Not built aswell as the 2005 autotrail we had, but we still really like the layout.

All a dicey business, watch the dealers loving attitude change the minute they have had your deposit. (witnessed at 3 different, reputable places now)

Click on my link at the bottom of this window to read about all the changes we made....

Good luck!


----------



## tyreman1

Make sure its the right layout for you and that your going to get the use out of it because as you say 34k is a lot of money to spend and if you want to sell it or part ex it in a couple of months you'll lose a fortune.


----------



## Zebedee

I'd suggest that two weeks research is nowhere near long enough for most people, as evidenced by the number who have bemoaned the fact (on here) that they bought the wrong van (unsuitable layout usually) and are changing it within a relatively short time.

Most of us visit a number of dealers and go to a few shows, and look at as many vans as we can find in our "box ticking" range. Step inside and go "_Wow - that's lovely innit!_" . . . as we all do, then stop and switch your brain on!! :wink: :lol:

Sit down and imagine yourself living in it. Go through the processes in your mind, and look at the associated equipment/storage facilities. Obvious example - what's involved in making the bed??

With a bit of experience you will have a list of things you really can't put up with, those you don't much like but can tolerate, and of course the list of "desirables" and "must haves". Fixed beds are all the rage at the moment, but think carefully. It takes us literally 30 seconds to make the bed and jump in, and only slightly longer to put it away because rolling up the duvets is slower than throwing them on the bed. We are not wasting half the living area with something that's used only at night.

Hope this helps.

Dave


----------



## Hymervanman

Zebedee said:


> Fixed beds are all the rage at the moment, but think carefully. It takes us literally 30 seconds to make the bed and jump in, and only slightly longer to put it away because rolling up the duvets is slower than throwing them on the bed. We are not wasting half the living area with something that's used only at night.
> 
> Hope this helps.
> 
> Dave


A rather biased view point of fixed beds wouldn't you say?

If the average person spends approx 1/3 of their life in bed, it could then be argued that the average motorhomer/caravanner spends more time in bed than sat lounging around inside the van. Whether a fixed bed is a waste of space is a matter of opinion but the maths seem to stack up in its favour. Our fixed bed takes approx 25% of the van space, offset by the space created underneath for permanent storage of bikes, kayaks etc


----------



## Zebedee

Hymervanman said:


> A rather biased view point of fixed beds wouldn't you say?


How can you pick a quarrel over the comments I just made . . . unless it's because you have a hugely biased view yourself!! :roll:



Hymervanman said:


> Whether a fixed bed is a waste of space is a matter of opinion but the maths seem to stack up in its favour.
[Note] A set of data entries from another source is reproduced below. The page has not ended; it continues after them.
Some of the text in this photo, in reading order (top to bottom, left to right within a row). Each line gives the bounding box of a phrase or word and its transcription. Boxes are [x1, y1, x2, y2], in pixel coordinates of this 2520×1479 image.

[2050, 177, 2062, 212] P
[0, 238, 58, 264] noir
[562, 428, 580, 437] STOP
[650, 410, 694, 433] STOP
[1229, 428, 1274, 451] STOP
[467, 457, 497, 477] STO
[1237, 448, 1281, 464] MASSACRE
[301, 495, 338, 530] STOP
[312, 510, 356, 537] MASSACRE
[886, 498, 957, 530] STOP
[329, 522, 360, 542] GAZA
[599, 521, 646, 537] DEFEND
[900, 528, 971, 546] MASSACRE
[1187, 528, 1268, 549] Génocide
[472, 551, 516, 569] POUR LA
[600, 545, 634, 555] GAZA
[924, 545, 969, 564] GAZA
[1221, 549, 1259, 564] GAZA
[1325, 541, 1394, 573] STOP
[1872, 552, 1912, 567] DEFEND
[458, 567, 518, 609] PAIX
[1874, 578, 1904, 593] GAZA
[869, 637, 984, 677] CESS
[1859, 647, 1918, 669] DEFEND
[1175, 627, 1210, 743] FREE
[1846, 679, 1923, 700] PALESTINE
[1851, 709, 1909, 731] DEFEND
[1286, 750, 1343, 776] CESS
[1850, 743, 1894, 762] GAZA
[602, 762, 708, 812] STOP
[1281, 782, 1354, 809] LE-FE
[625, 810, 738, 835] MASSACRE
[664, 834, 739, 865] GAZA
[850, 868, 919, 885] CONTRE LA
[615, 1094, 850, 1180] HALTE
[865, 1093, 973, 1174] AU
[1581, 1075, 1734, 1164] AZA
Our fixed bed takes approx 25% of the van space.


Your maths and your opinion you mean - hence your bias. :wink: We can only get a less than 6 metre van on the drive, so a fixed bed would take up virtually all of the van space. Not a very satisfactory arrangement, I think you would agree, although there are some small vans which try to go that route.
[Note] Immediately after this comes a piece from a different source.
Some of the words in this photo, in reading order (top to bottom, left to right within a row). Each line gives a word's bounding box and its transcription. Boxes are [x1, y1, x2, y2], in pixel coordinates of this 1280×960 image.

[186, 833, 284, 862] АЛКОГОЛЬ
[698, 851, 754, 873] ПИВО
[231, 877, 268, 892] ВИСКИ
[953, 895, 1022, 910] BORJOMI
If you had read my post properly you would see that I was advising the OP to think carefully before making *any *hasty decisions he might regret later. The fixed bed was, as I said, "_Obvious example - what's involved in making the bed_??"

Please read properly before you accuse - you might upset somebody! :wink: :lol: :lol:

Dave


----------



## lifestyle

The locker door under the bed is narrower than the 2009 model which we have .So if you have chairs make sure they will fit.
Check the mattress does not have a sag/dip in the middle .
Otherwise a great motorhome .

Les


----------



## Stanner

Zebedee said:


> Please read properly before you accuse - you might upset somebody! :wink: :lol: :lol:


The same could be said back :wink:

Only someone who has never had a fixed bed can assume the "space is wasted" during the day. There is invariably a huge storage space under the bed.
I know of nobody (in their right mind) who empties all the stuff from there into the body of the van each day and then puts it away again each night which to my mind would be the converse of what the "make the bed up every night" merchants do.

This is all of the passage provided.